Lembro-me da minha infância, quando as tardes se estendiam sob o sol quente, e a única preocupação era encontrar o melhor lugar para construir “casinhas” com cacos e galhos; um espaço amplo para jogar à bola ou ao ringue ou simplesmente, um pequeno palco para imitar a Simone com a sua Desfolhada.
E hoje, onde brincam as crianças. Será que brincam?
Hoje vivemos rodeados de tecnologia que se tornou uma parte intrínseca da vida quotidiana, especialmente para as crianças. Tablets, smartphones e videogames dominam o tempo livre e no meio dessa revolução digital, esquecemo-nos do valor irrefutável que é deixar a crianças brincar na rua.
O seu quarto tornou-se num espaço de silêncios e solidão onde o ecrã se reveste de sombras azuladas que se declaram perturbantes ao olhar perdido da criança; vê ali, tantas vezes, o abraço que falha, a voz que tarda…
Falta rua às nossas crianças e a interação com outras durante as brincadeiras ao ar livre. A rua ensina competências sociais, partilha, negociação e resolução de conflitos. Elas não estão apenas a brincar; estão a aprender a relacionarem-se, a criar laços e a conviver em grupo.
Mas, as ruas das cidades estão preparadas para receber as crianças em segurança? Não! Infelizmente a rua tem riscos e traz medo e inseguridade levando muitos pais a delimitarem o tempo que seus filhos passam fora de casa. É compreensível querer proteger as nossas crianças, mas essa proteção não deve ser confundida com superproteção. O mundo exterior pode ser seguro e estimulante; é nossa responsabilidade garantir que as crianças tenham a liberdade de explorá-lo.
Não devemos descurar os estudos que mostram que o tempo passado ao ar livre está diretamente relacionado com a saúde mental e o bem-estar das crianças. A natureza tem um efeito calmante, reduzindo o stress e a ansiedade. Há cada vez mais crianças a enfrentar questões emocionais e, brincar ao ar livre pode ser um passo importante para promover a sua saúde mental, construindo as bases para um futuro saudável e consciente.
É, contudo, urgente repensar as cidades e os espaços de lazer para que a liberdade de brincar ao ar livre não seja uma raridade.

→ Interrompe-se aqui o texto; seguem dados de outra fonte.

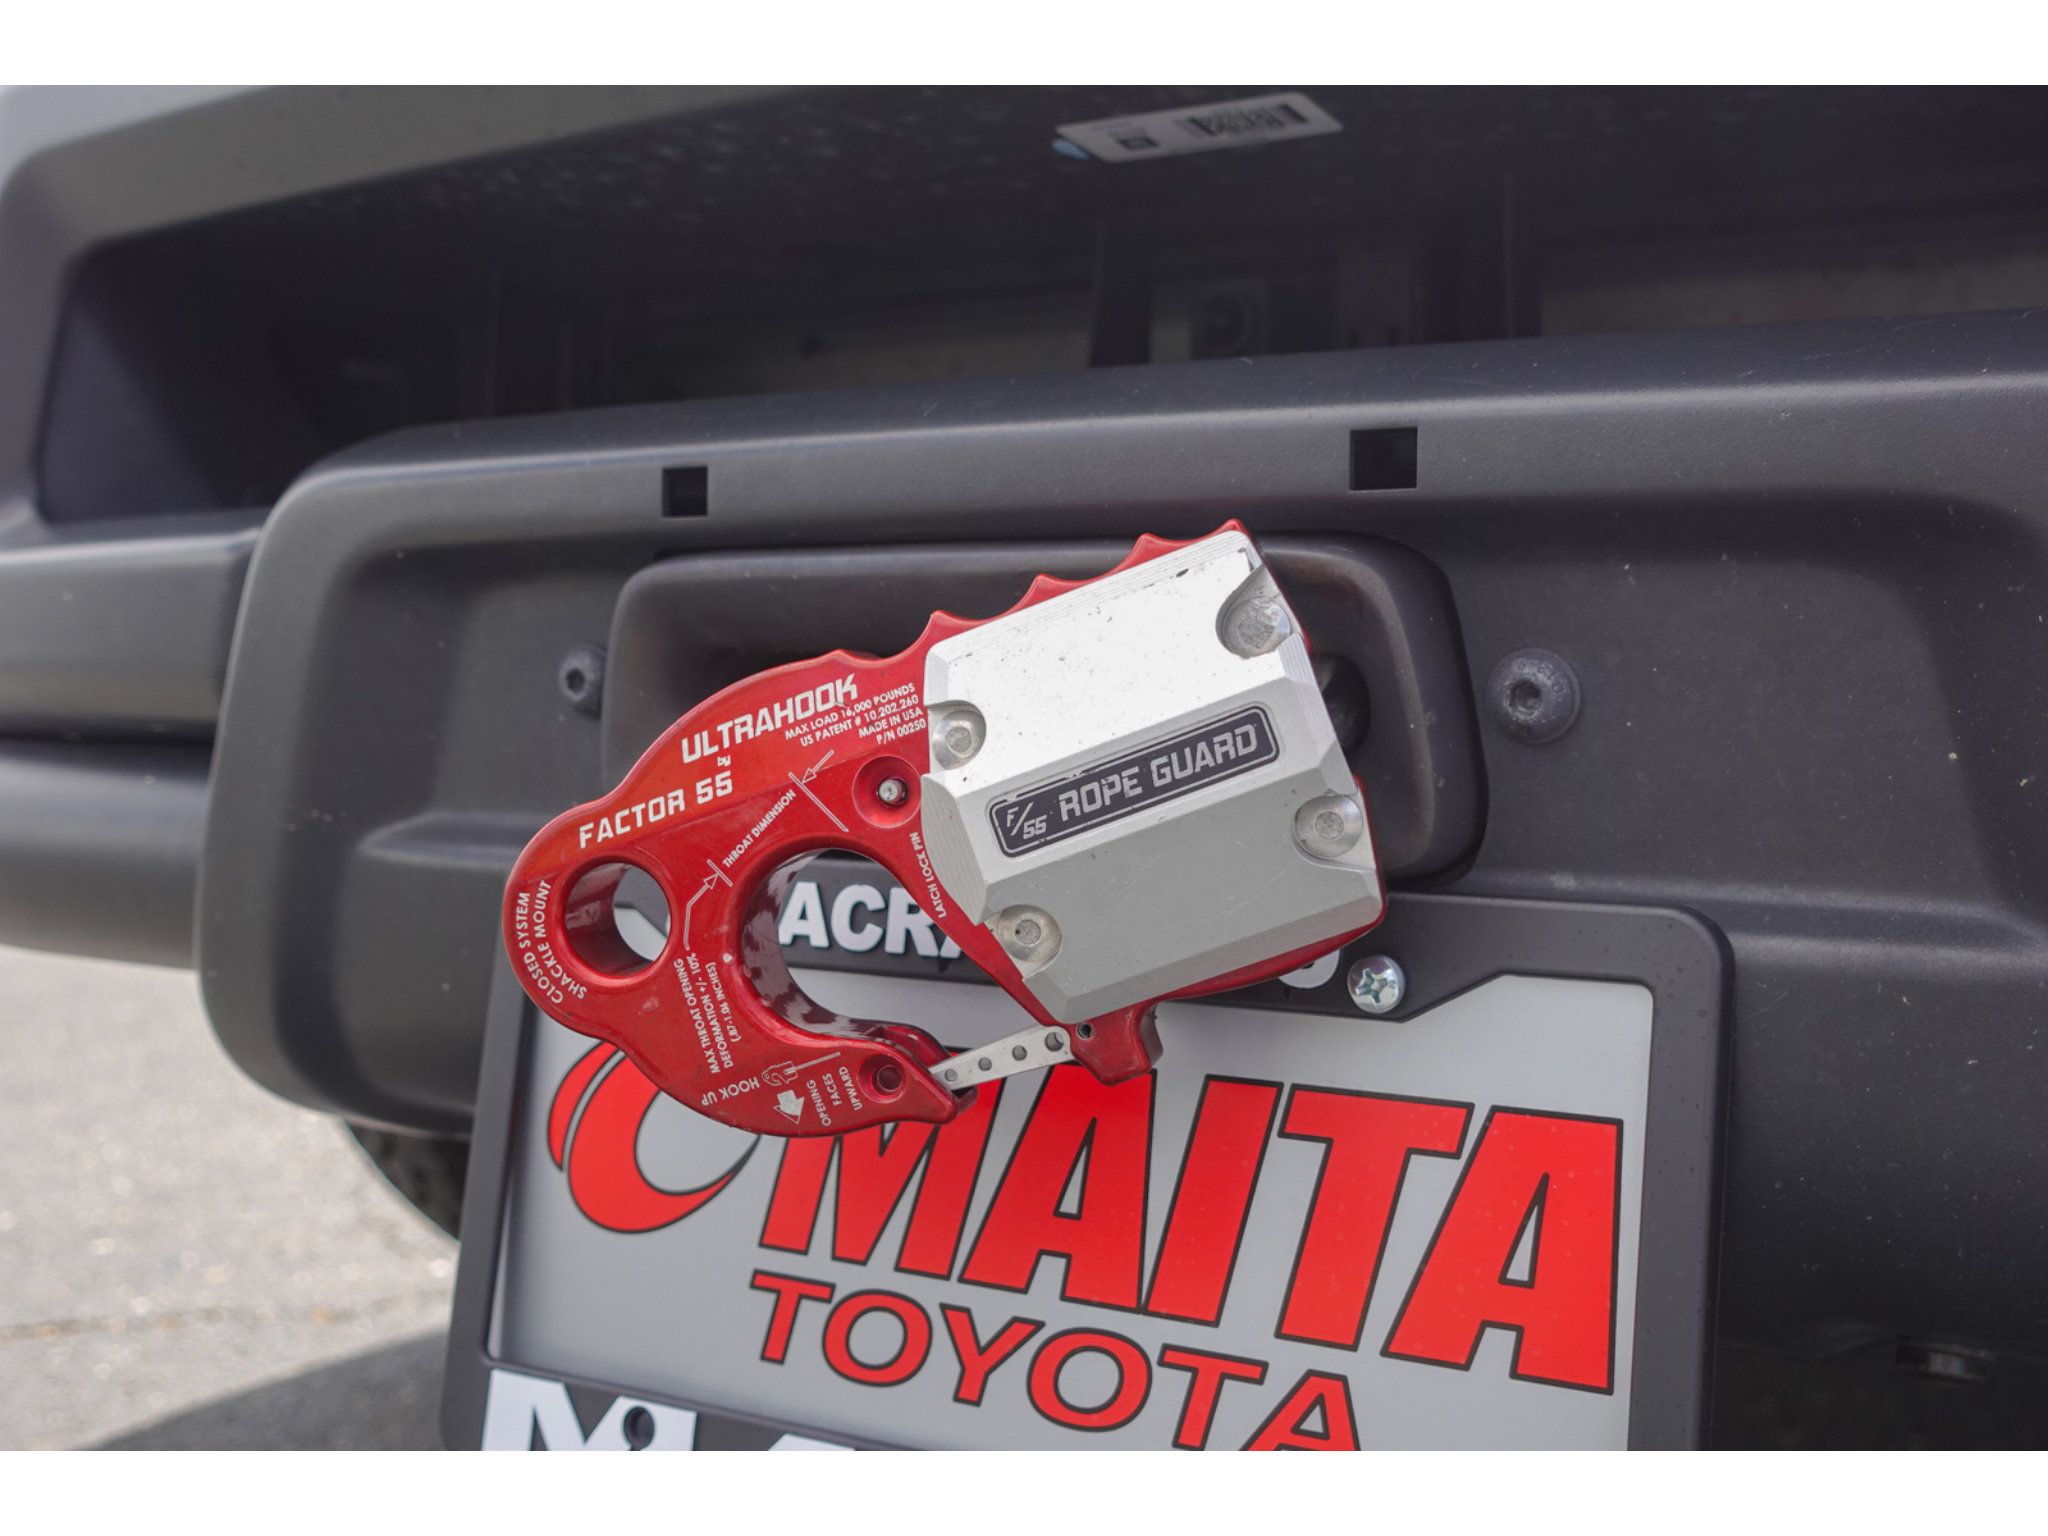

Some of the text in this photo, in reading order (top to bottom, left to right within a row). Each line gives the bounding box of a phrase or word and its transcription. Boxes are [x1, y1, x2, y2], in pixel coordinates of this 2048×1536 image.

É vital que pais e educadores incentivem as crianças a explorar o mundo lá fora. O parque da esquina, o quintal, a praia… todos esses espaços são palcos para a infância se desenrolar de forma plena e livre.
O desafio é relembrar a nós mesmos e às novas gerações do valor que essas simples brincadeiras têm revertendo a tendência de aprisionar as crianças dentro de casa.
Devemos abrir as portas, encorajá-las a correrem para o mundo lá fora.
Regozijo-me com as escolas que criaram espaços criativos e de lazer, após a proibição dos telemóveis para que os alunos possam socializar, partilhar e viver em harmonia com os seus pares.
Quando nos propomos a mudar de paradigma, as coisas acontecem.